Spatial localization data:
——

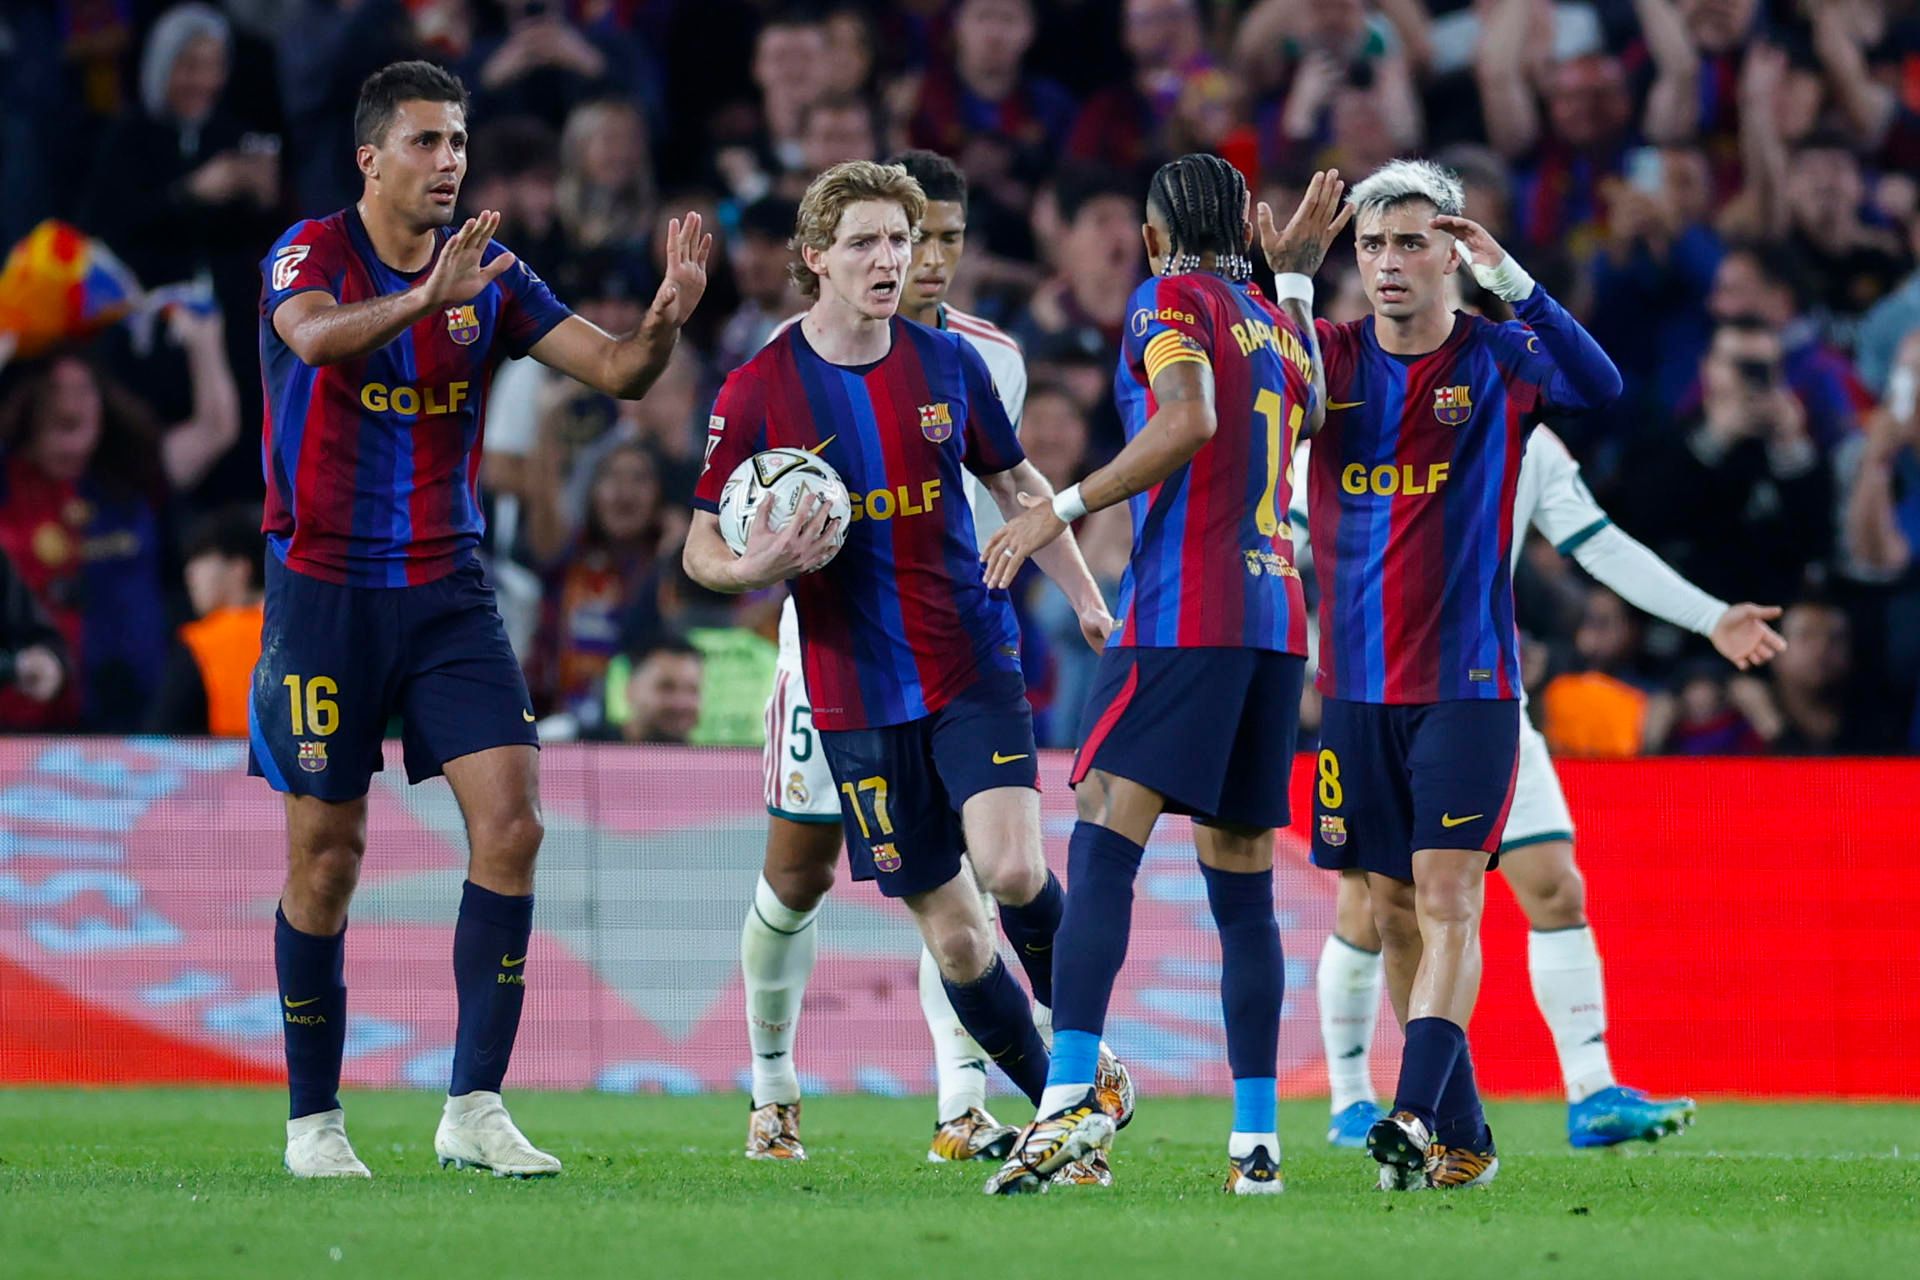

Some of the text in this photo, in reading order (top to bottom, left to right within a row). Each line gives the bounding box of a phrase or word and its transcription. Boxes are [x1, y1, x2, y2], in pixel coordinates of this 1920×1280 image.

[1131, 308, 1196, 337] Midea
[360, 381, 470, 416] GOLF
[849, 478, 942, 523] GOLF
[1341, 461, 1451, 497] GOLF
[282, 674, 340, 737] 16
[789, 705, 813, 763] 5
[1318, 748, 1344, 810] 8
[841, 775, 894, 839] 17
[285, 1011, 327, 1027] BARÇA
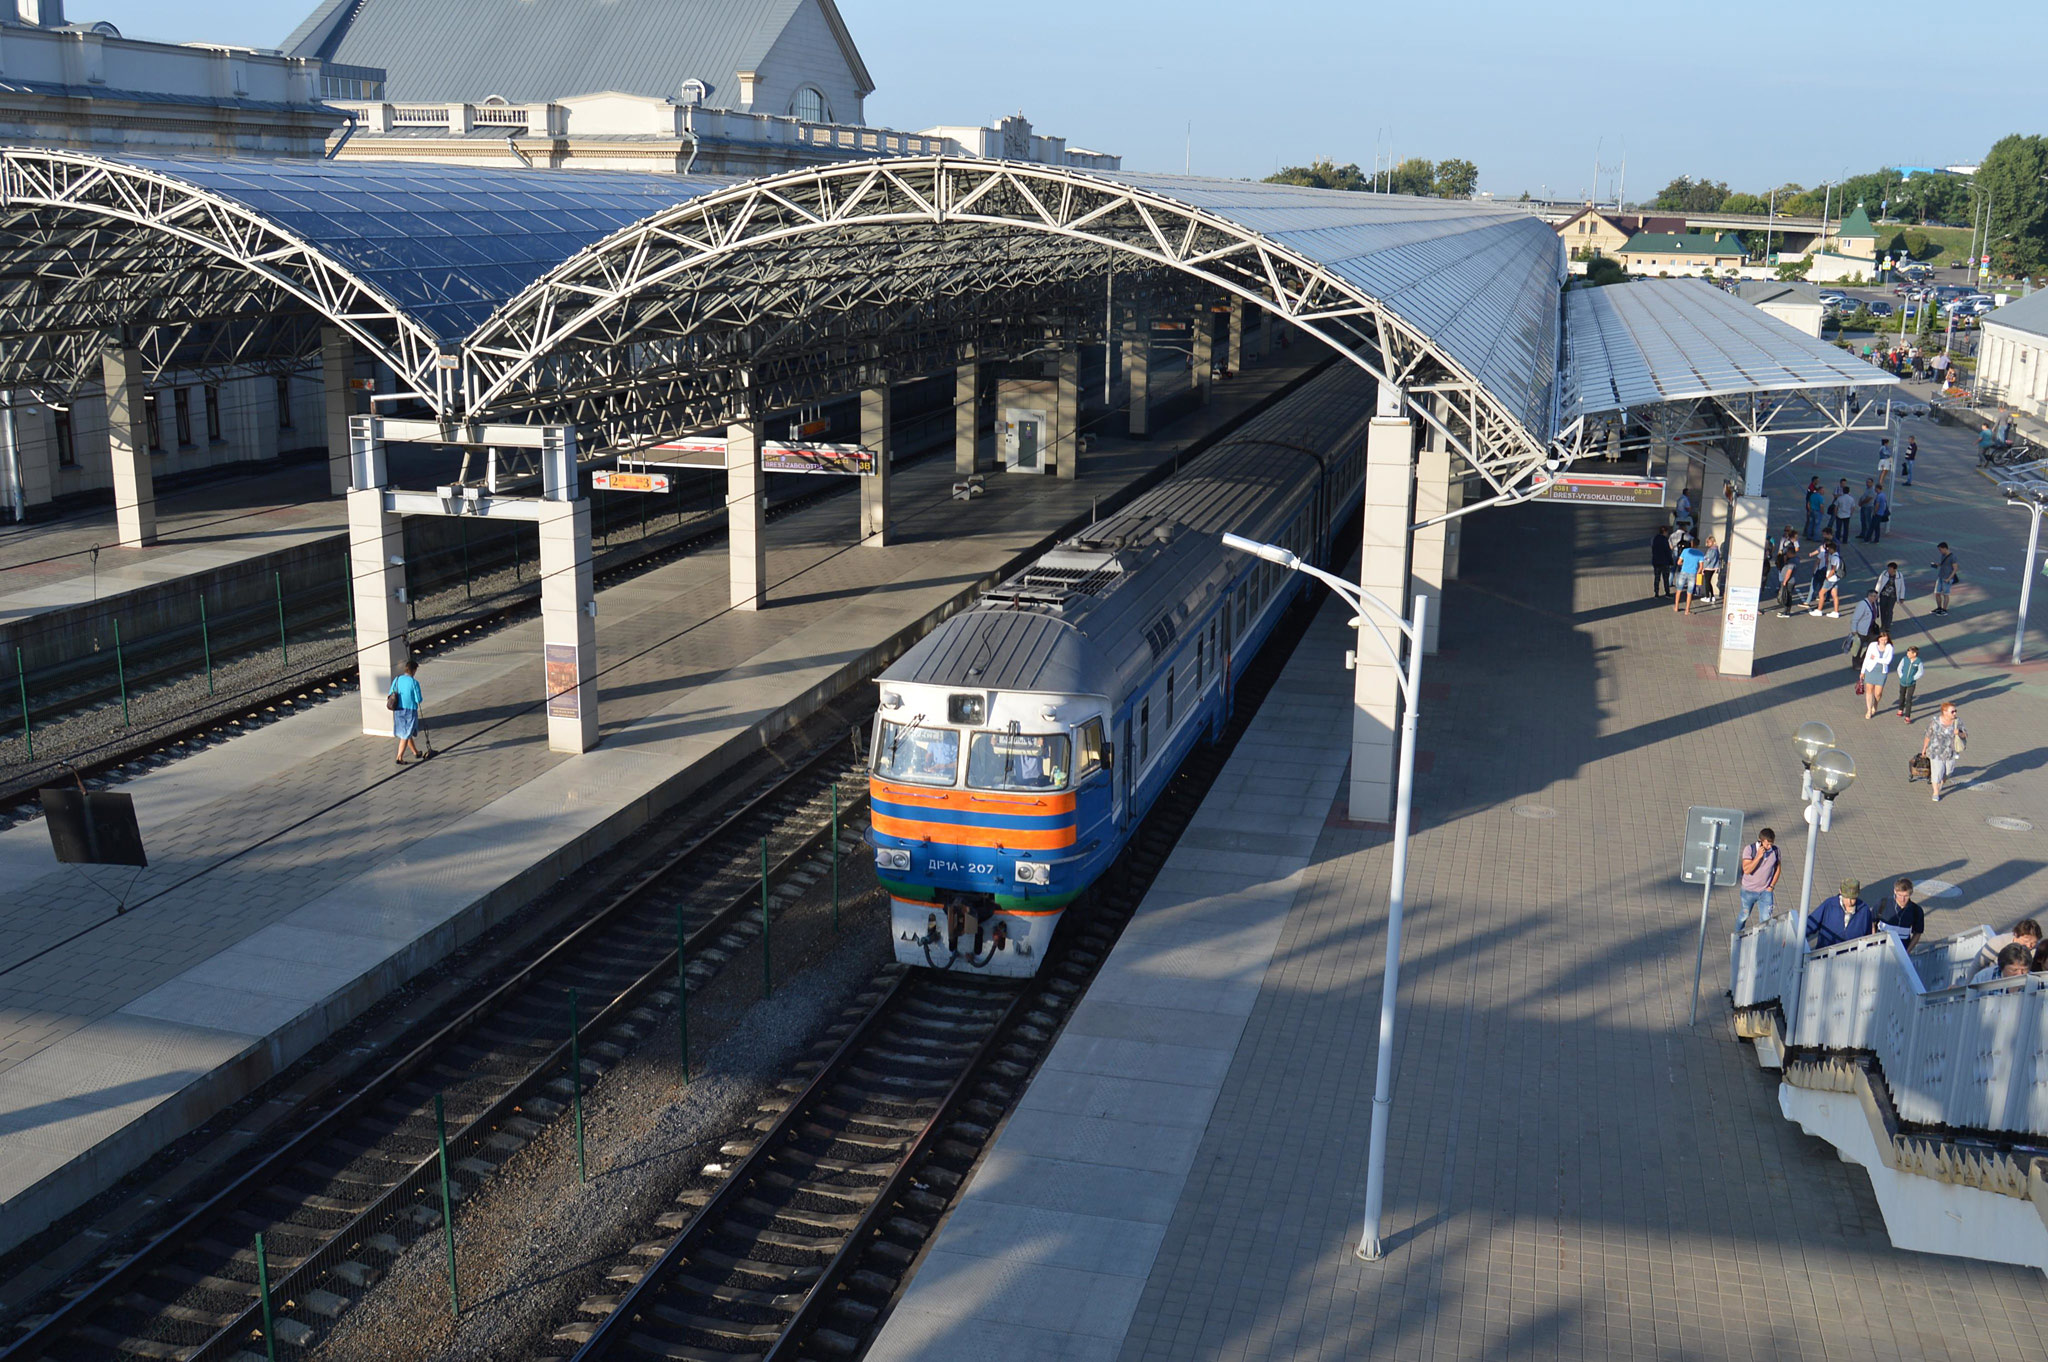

——

Exercise instructions: Retype all entries above verbatim; no pictures belong in the copy.

Answer area:
Some of the text in this photo, in reading order (top to bottom, left to right within a row). Each line gives the bounding box of a phrase or word and its transcription. Boxes are [x1, y1, x2, y2], in pixel coordinates of this 1920×1280 image.

[1131, 308, 1196, 337] Midea
[360, 381, 470, 416] GOLF
[849, 478, 942, 523] GOLF
[1341, 461, 1451, 497] GOLF
[282, 674, 340, 737] 16
[789, 705, 813, 763] 5
[1318, 748, 1344, 810] 8
[841, 775, 894, 839] 17
[285, 1011, 327, 1027] BARÇA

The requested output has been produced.